Sakit dalam Duka

4K 160 21
                                    

Mereka saling menatap. Bagas dan perempuan kecil itu.

Aku hancur. Tak berbentuk. Seketika. Saat ini juga.

***

Vika POV

Mataku menatap tetes demi tetes cairan infus yang tergantung di tiangnya. Aku bersyukur telah melewati serangkaian proses persalinan yang menegangkan hari ini.  Meski keadaanku masih lemah karena perdarahan yang lumayan banyak, rasanya aku sudah tak sabar ingin segera bangun dan menggendong anakku.

Aku sendirian di ruangan ini. Alan pergi ke ruang bayi memenuhi panggilan perawat. Aku merasa berhutang budi padanya. Dia yang mengurus semua keperluanku di rumah sakit ini. Dia pula yang menjelaskan kepada pihak rumah sakit bahwa dia bukan suamiku, namun dia yang bertanggung jawab atas semua tindakan yang akan diberikan kepadaku sambil menunggu Ibu yang sedang dalam perjalanan menuju kemari.

Otakku memutar kejadian beberapa saat lalu.
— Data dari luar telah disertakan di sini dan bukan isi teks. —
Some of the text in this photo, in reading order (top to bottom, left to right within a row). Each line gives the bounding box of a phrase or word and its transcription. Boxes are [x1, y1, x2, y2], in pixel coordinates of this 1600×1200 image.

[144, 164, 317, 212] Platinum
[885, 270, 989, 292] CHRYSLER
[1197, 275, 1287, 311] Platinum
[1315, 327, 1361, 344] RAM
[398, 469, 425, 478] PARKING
Ketika aku masuk ke ruang persalinan dan tiba-tiba Mas Abi jatuh pingsan. Aku benar-benar terkejut. Dan saat ini aku lebih kepikiran Mas Abi. Apa yang sedang terjadi saat ini padanya? Kenapa sampai detik ini dia tidak memastikan keadaanku dan anakku, anak kami tepatnya.
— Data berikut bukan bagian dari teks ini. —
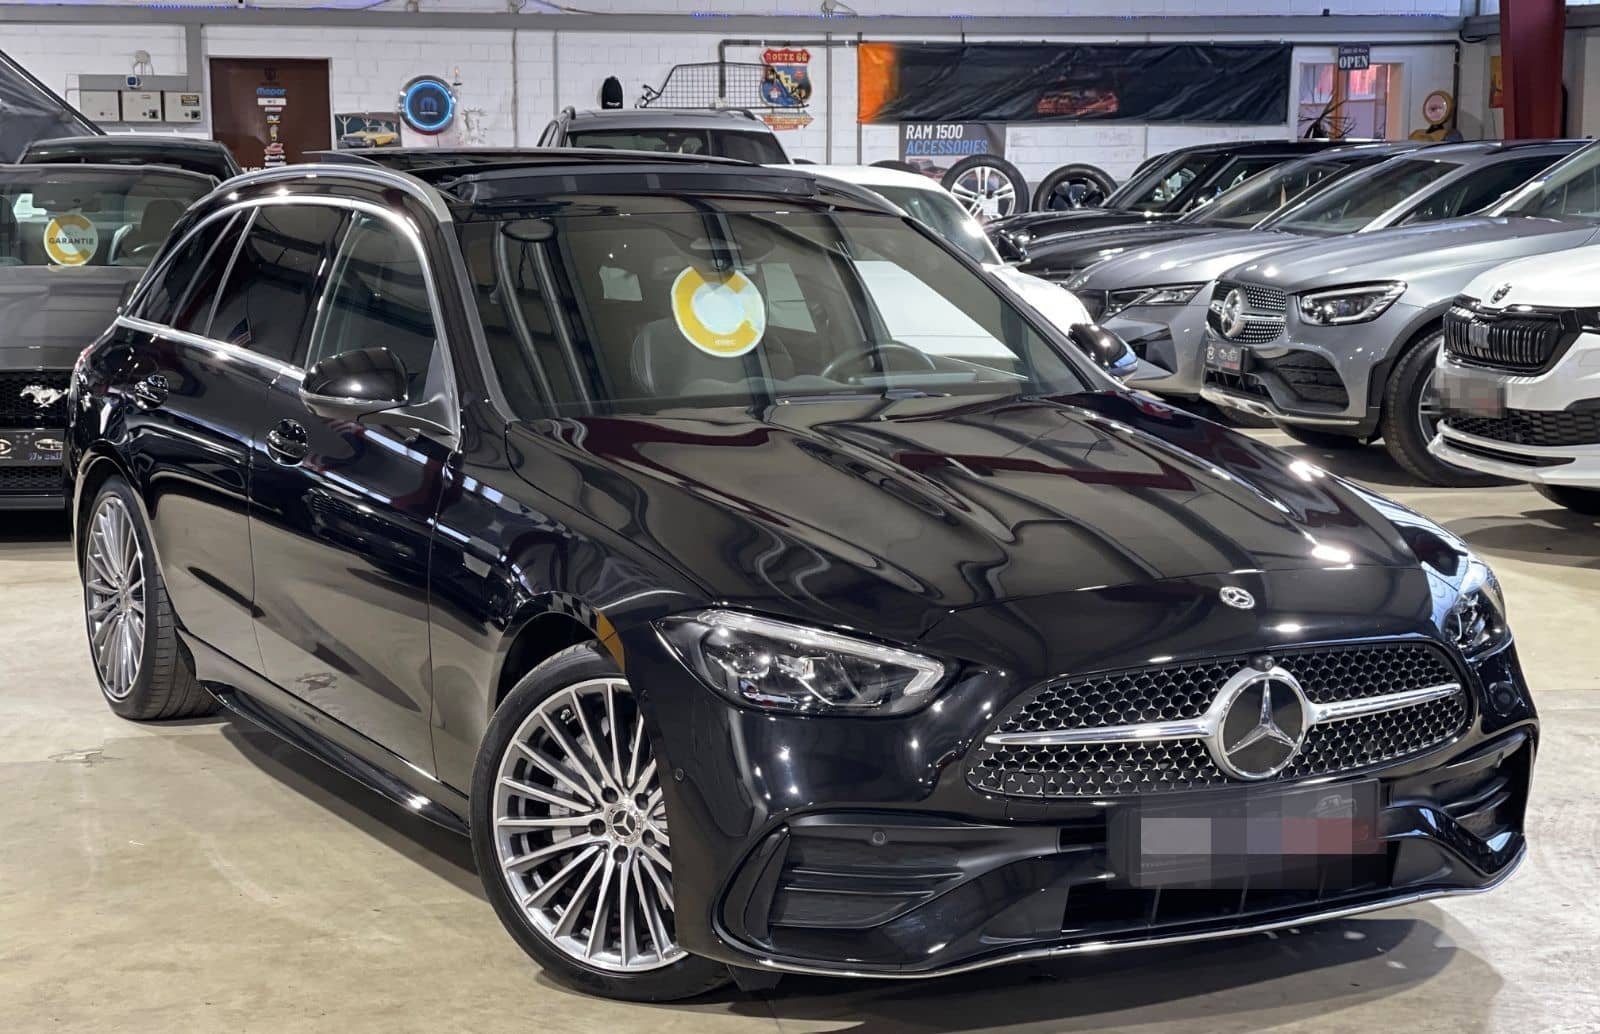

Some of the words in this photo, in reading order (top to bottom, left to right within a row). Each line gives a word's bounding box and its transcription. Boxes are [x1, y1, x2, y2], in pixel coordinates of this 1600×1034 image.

Ah... Mungkin memang sudah tak sudi dia lagi melihatku. Air mataku menggenang di pelupuk mata tiba-tiba.

Terdengar ketukan dari balik pintu. Aku segera menghapus air mataku.

"Permisi Ibu Vika... Ibu sudah boleh turun dari tempat tidur ya... Anak ibu sudah boleh diajak kemari. Silakan disusui, biar nanti suster-suster ini yang akan membantu Ibu, jika keadaan umum ibu sudah baik, besok ibu diperbolehkan pulang", ujar salah satu perawat yang datang bersama dua perawat yang masih muda.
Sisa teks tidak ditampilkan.